Both are back, giving the Monterey passing attack a tantalizing inside-outside punch and there is no shortage of motivation for either to carve out a new legacy. Last fall, the Plainsmen churned out 529 yards and 45.8 points a game -- both the top marks in Lubbock and in District 2-5A Division I.
“We feel like the offense has gotten better because we’ve jelled so much more,” said Singleton, a blazer who ran a 10.5 in the 100 meters last spring before the season abruptly ended.
“We want to be better than those who came before us and we feel like we have a lot left to prove.”
Added Martin, who will operate as a slot receiver, “We’re much more of a family than we were. We’ve got people who are willing to work hard and we feed off of each other’s energy every day.”
Leading that charge have been Singleton and Martin.
Hutchinson knew he could expect big things from his receiver duo between the white lines this season. What he has been impressed by in an unprecedented stop-and-go offseason and preseason work since school began is how those two have honed their leadership roles.
The Plainsmen offense is loaded with seniors, including starting quarterback Kyshon Harris and running back Trent White. So there is no shortage of candidates to set the tone. Singleton and White have stepped into that limelight.
“Both guys’ work ethic has been incredible,” Hutchinson said. “They always go really hard in practice, they pay attention to detail and they’ve been vocal in the ways we need them to be.”
And the two have worked hard to improve their craft – which Hutchinson said is another solid tenet of leadership.
Precise route-running and improving their hands, combined with the speed and explosiveness both bring to the table is the kind of combination that makes replacing Tipton -- who pulled in 78 passes for 1,569 yards and 17 TDs -- a little more realistic.
“We can all play different positions, which is important because the coaches know they can use us in different ways,” Singleton said.
“Zyion is going to be big this season because he’s so versatile.

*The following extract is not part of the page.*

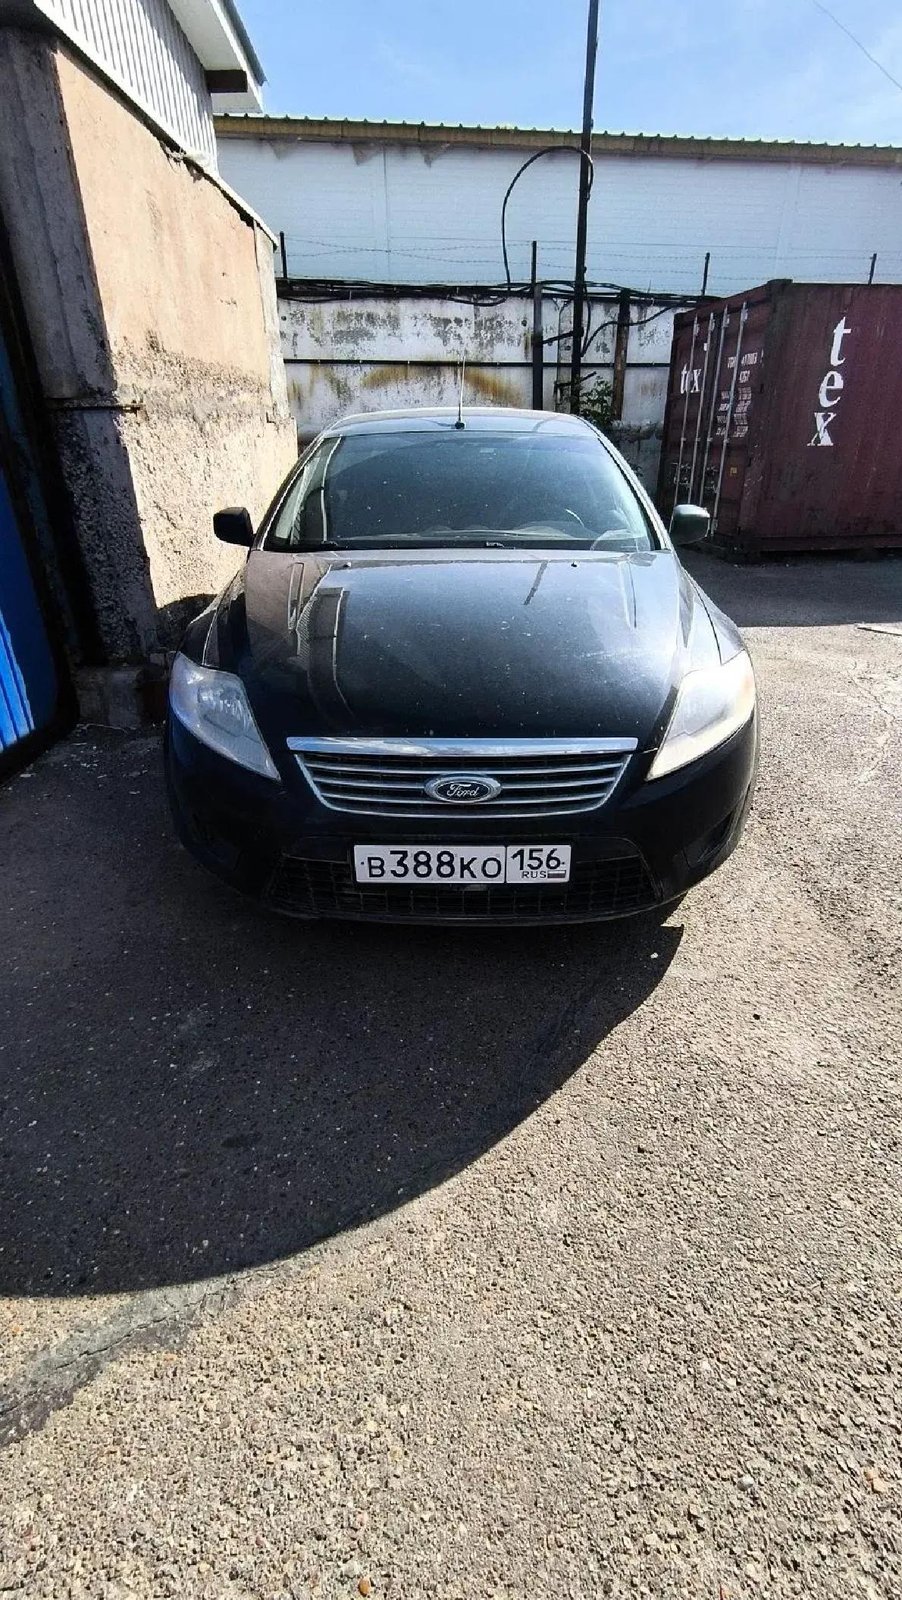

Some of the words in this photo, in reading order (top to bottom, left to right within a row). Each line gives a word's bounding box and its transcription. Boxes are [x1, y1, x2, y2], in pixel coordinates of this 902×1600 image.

He can beat you from outside or inside, and when he gets into small spaces, he’s tough to tackle because he’s so strong.”
Added Martin, “M.J. is the kind of receiver who opens things up a whole lot because of his speed and explosiveness. Plus, he plays with so much energy and that gives something for all of us to feed off of.”
The ways Singleton and Martin differ from each other are what make they more dangerous.
Martin mentioned Singleton’s speed, which is likely to get plenty of attention from defenses. Should foes opt to double-team him with a safety, that could leave Martin in one-on-one matchups.
With a noticeable improvement in his ability to break free from defenders, Martin is a different kind of threat because the former running back knows when, where and how to cut to evade second and third would-be tacklers. In a playoff loss to Birdville last season, Martin snagged 13 receptions for 155 yards – often roaming underneath or on the edges.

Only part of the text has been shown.